Principles of Design: Value

    Jennifer Farley

    So far in this series we’ve looked at Balance, Proximity and Contrast as principles of design. You’ve seen how applying these concepts can help you organize your information and make it eye catching. Today we’re looking at Value. Value and color as design principles are related to each other but not every design will have color, but every design will have value. So what is value?

    Value, also sometimes referred to as tone, is the relative lightness and darkness of an object.  It has nothing to do with the price of the design! As soon as you place an object on your blank canvas (whether for print or web) that element has value. In the image below, the value of each of the silhouetted dogs gives a different impression about the dog. Does the dog on the left have blonde hair? Is he in fog?


    Value is relative

    Every element in your design has a value from 1% black to 100% black. You’re not always going to be working with a white or grey background though. If you’re working on a black background the value will be 1% white to 100% white. This suggests another quality of value. Value is relative.


    As you can see in the example above, the value of each dog is relative to the other dogs and also to the background they’re placed on. The greater the difference in value between the object and it’s background, the greater the Contrast. Value is a very powerful tool when creating the look and feel of a design.

    Value and color

    Although color is incredibly important in design (and we’ll be looking at color next week), the best designs do not rely solely on color to make an impact. A successful design should work well in black and white to begin with, and this is where value comes into play. Let’s take the example of a couple of logos. I’ve taken two logos from Logopond and desaturated them. The first logo looks good in color but the effect partially disappears in black and white and the logo looks weak.


    This second logo, while maybe not looking quite as vibrant in grayscale as in color still holds up well.


    You could argue that perhaps the first logo was designed to only be used on a website, and if that’s the case, fine. But you should always think (and experiment with) how your design might look in just one color. Does the design fall apart if it appears in a newspaper or a fax?
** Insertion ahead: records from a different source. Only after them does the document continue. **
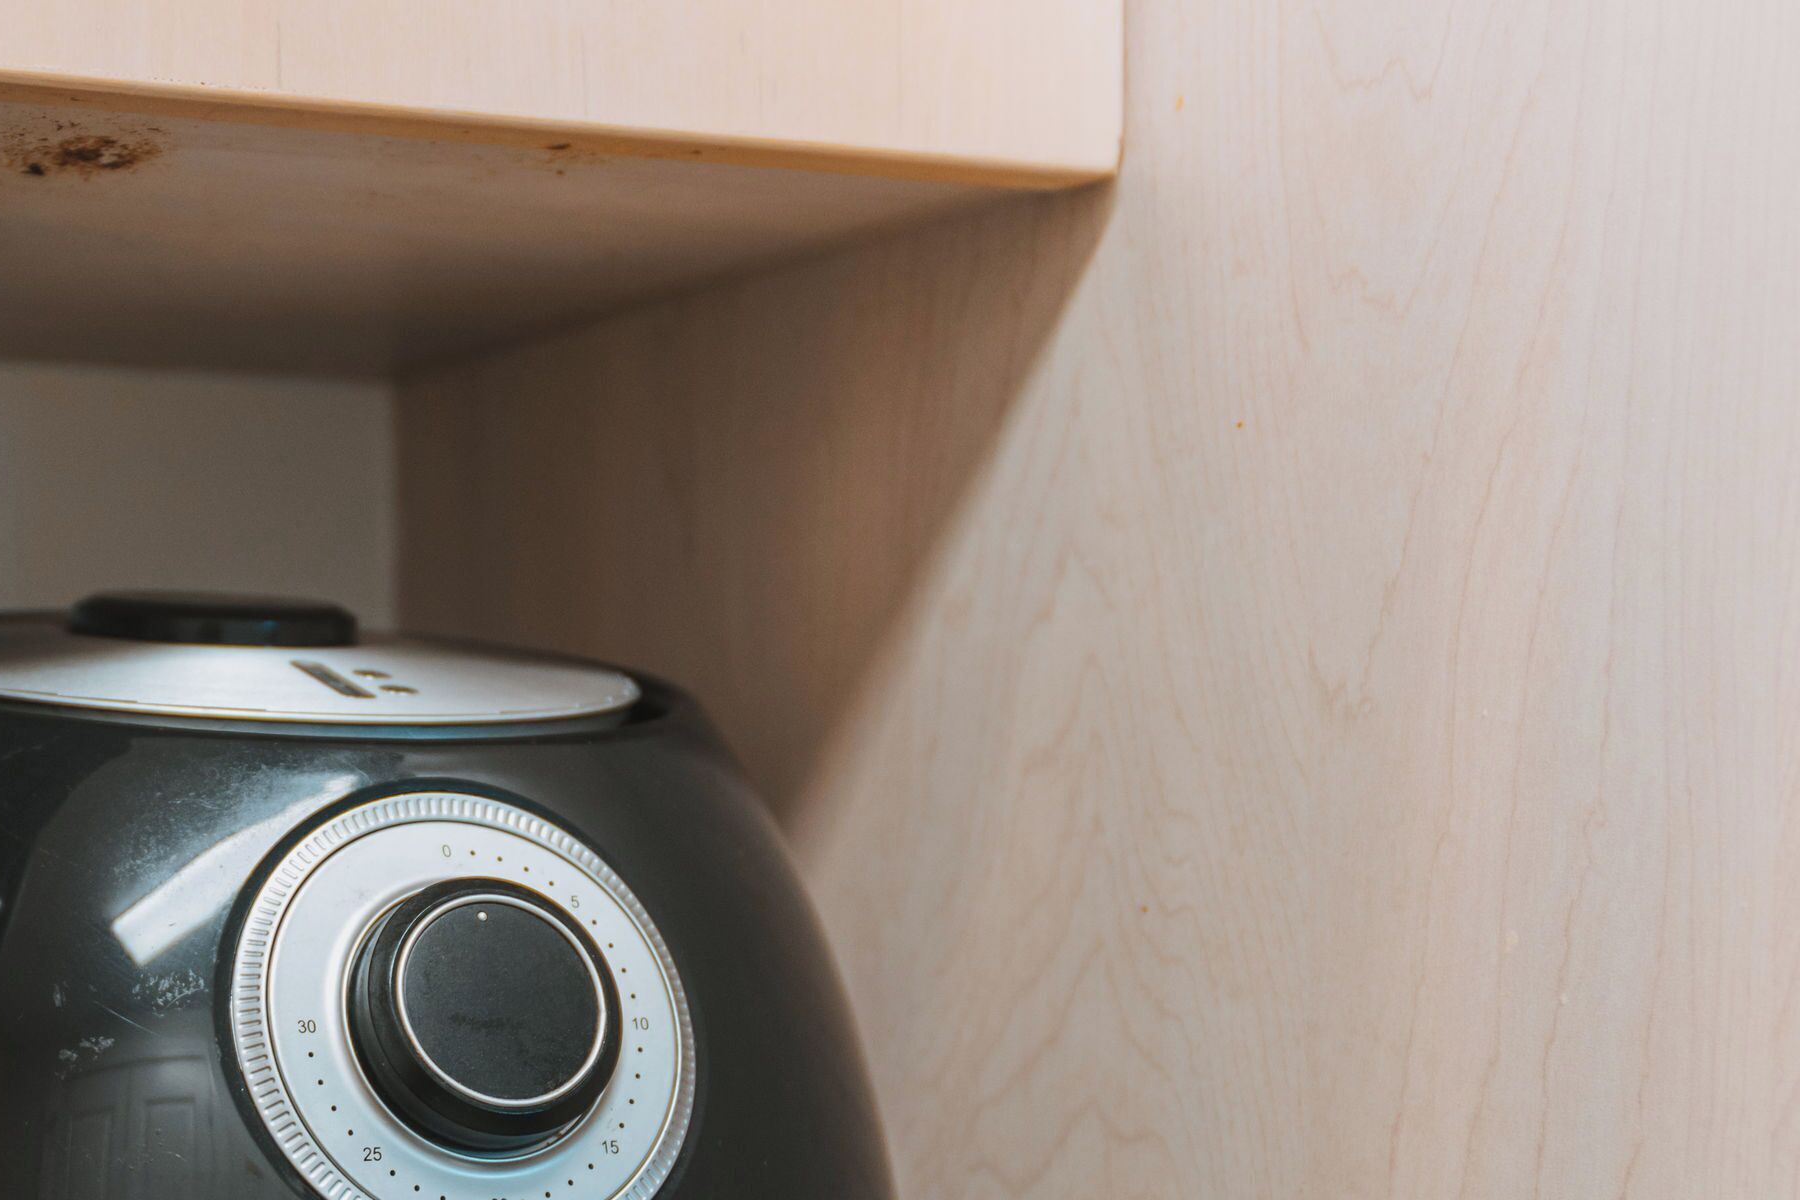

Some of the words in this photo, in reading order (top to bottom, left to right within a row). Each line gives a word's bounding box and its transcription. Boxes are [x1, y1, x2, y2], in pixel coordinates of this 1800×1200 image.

[441, 844, 452, 858] 0
[570, 895, 580, 909] 5
[297, 1019, 317, 1034] 30
[632, 1016, 649, 1031] 10
[362, 1146, 383, 1162] 25
[602, 1140, 620, 1155] 15
    Value can be used for emphasis. The poster for Jungle Fever shows two hands clasped together with the value of light and dark skinned fingers providing contrast. I’ve mentioned in the previous design principle posts, that these principles rarely work in isolation. This poster also uses balance and repetition to create and eye-catching design.



    The Howard Wing website is simple and elegant and uses values very effectively. The large dark-valued photographic backgrounds used throughout the site work well with the light text.


    As we’ve seen in the examples so far, value is most often used to create contrast. However, if you want to create a completely different mood, use values to create a lack of contrast. The White Album by The Beatles uses white embossed text on a white background. You can’t really get more subtle than that. The value comes from the hint of shadow cast by the embossed letters.

    Image Credit: Beatles Bible

    So to sum up, things to think about when using value in your designs.

    1. Value occurs in every design. Just by placing an element on a page, value is created. Have you chosen the values or is it an accident?

    2. If you want to achieve contrast, are the values of each element different enough?

    3. Are the values you’re choosing eye-catching? Do they help move the viewer’s eye through the design.

    4. Have you created the right mood with the values you’ve picked. Should the design be subtle or in your face?